YOUR GOAL >>
Every line of the listing below should be written out exactly, minus its pictures.

**** DATA FOR ANALYSIS

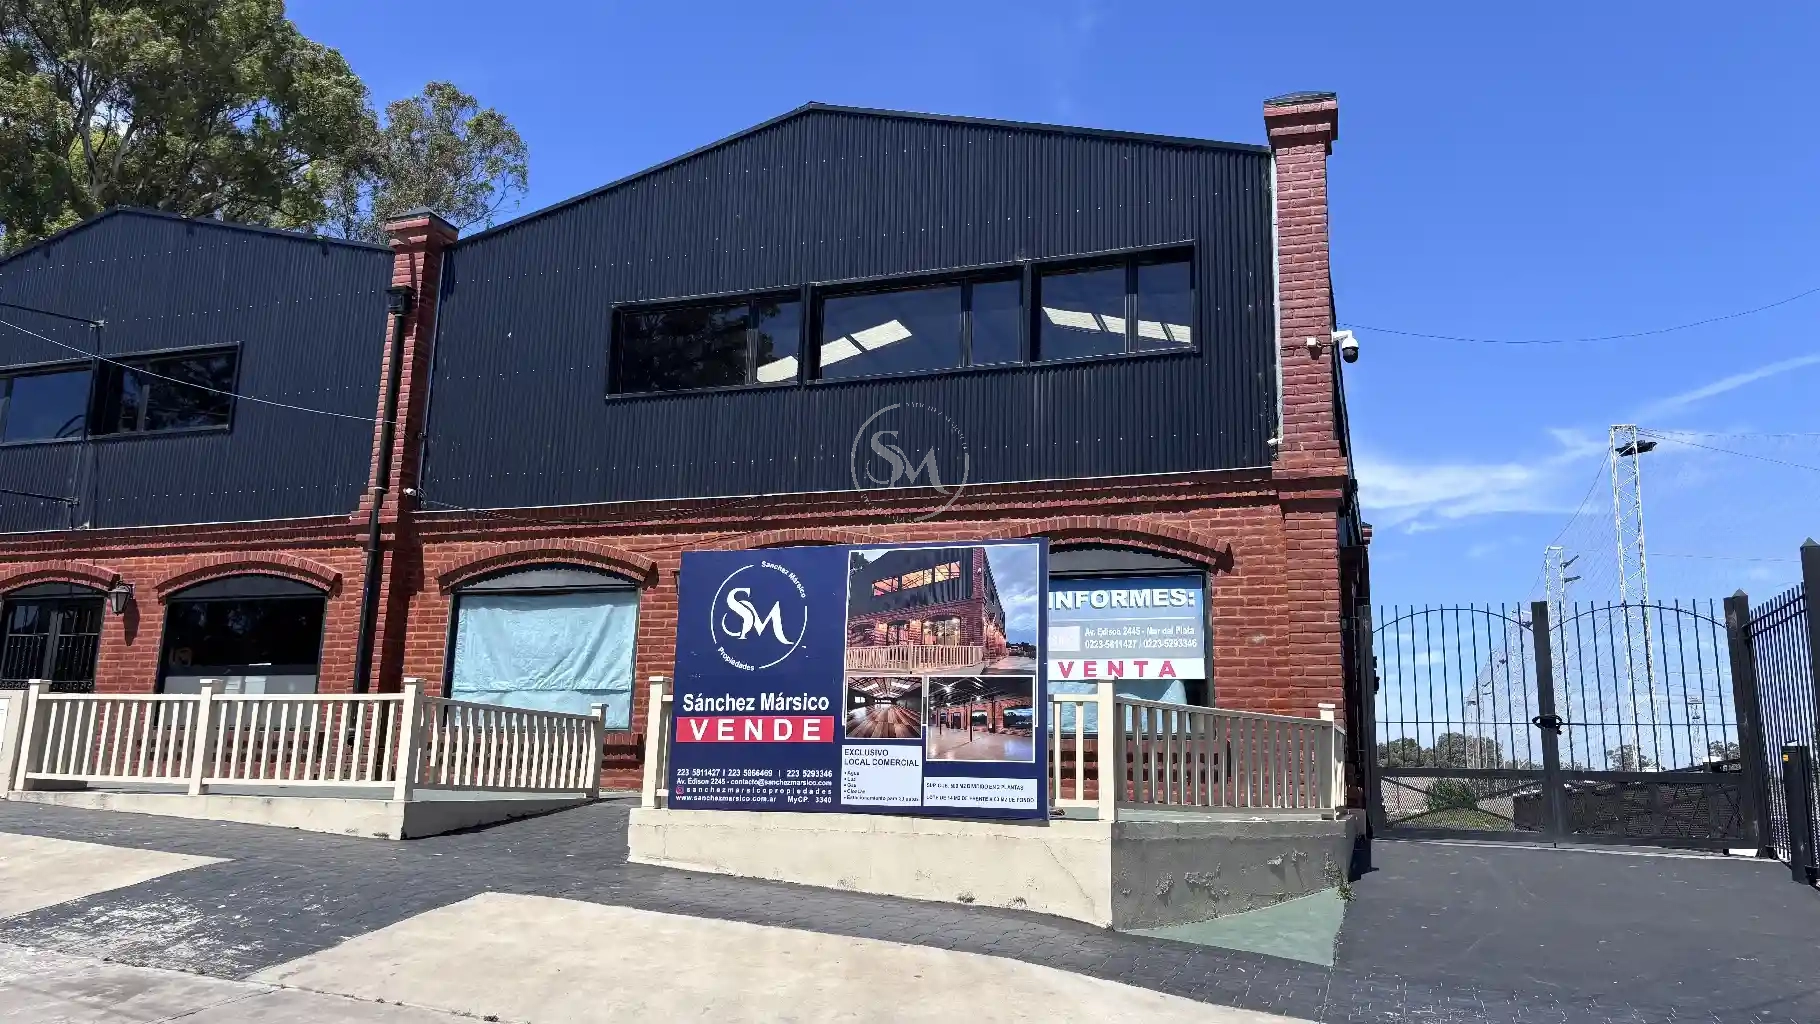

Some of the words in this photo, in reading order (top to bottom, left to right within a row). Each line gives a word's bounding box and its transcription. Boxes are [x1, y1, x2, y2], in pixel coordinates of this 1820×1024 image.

[721, 587, 795, 645] SM
[1057, 660, 1177, 679] VENTA
[682, 693, 756, 712] Sánchez
[760, 692, 830, 711] Mársico
[689, 718, 821, 741] VENDE
[844, 748, 889, 756] EXCLUSIVO
[844, 758, 870, 766] LOCAL
[872, 758, 920, 767] COMERCIAL
[676, 768, 690, 776] 223
[728, 769, 741, 777] 223
[786, 769, 800, 778] 223
[802, 769, 833, 778] 5293346

********

THE ANSWER >>
Some of the words in this photo, in reading order (top to bottom, left to right within a row). Each line gives a word's bounding box and its transcription. Boxes are [x1, y1, x2, y2], in pixel coordinates of this 1820×1024 image.

[721, 587, 795, 645] SM
[1057, 660, 1177, 679] VENTA
[682, 693, 756, 712] Sánchez
[760, 692, 830, 711] Mársico
[689, 718, 821, 741] VENDE
[844, 748, 889, 756] EXCLUSIVO
[844, 758, 870, 766] LOCAL
[872, 758, 920, 767] COMERCIAL
[676, 768, 690, 776] 223
[728, 769, 741, 777] 223
[786, 769, 800, 778] 223
[802, 769, 833, 778] 5293346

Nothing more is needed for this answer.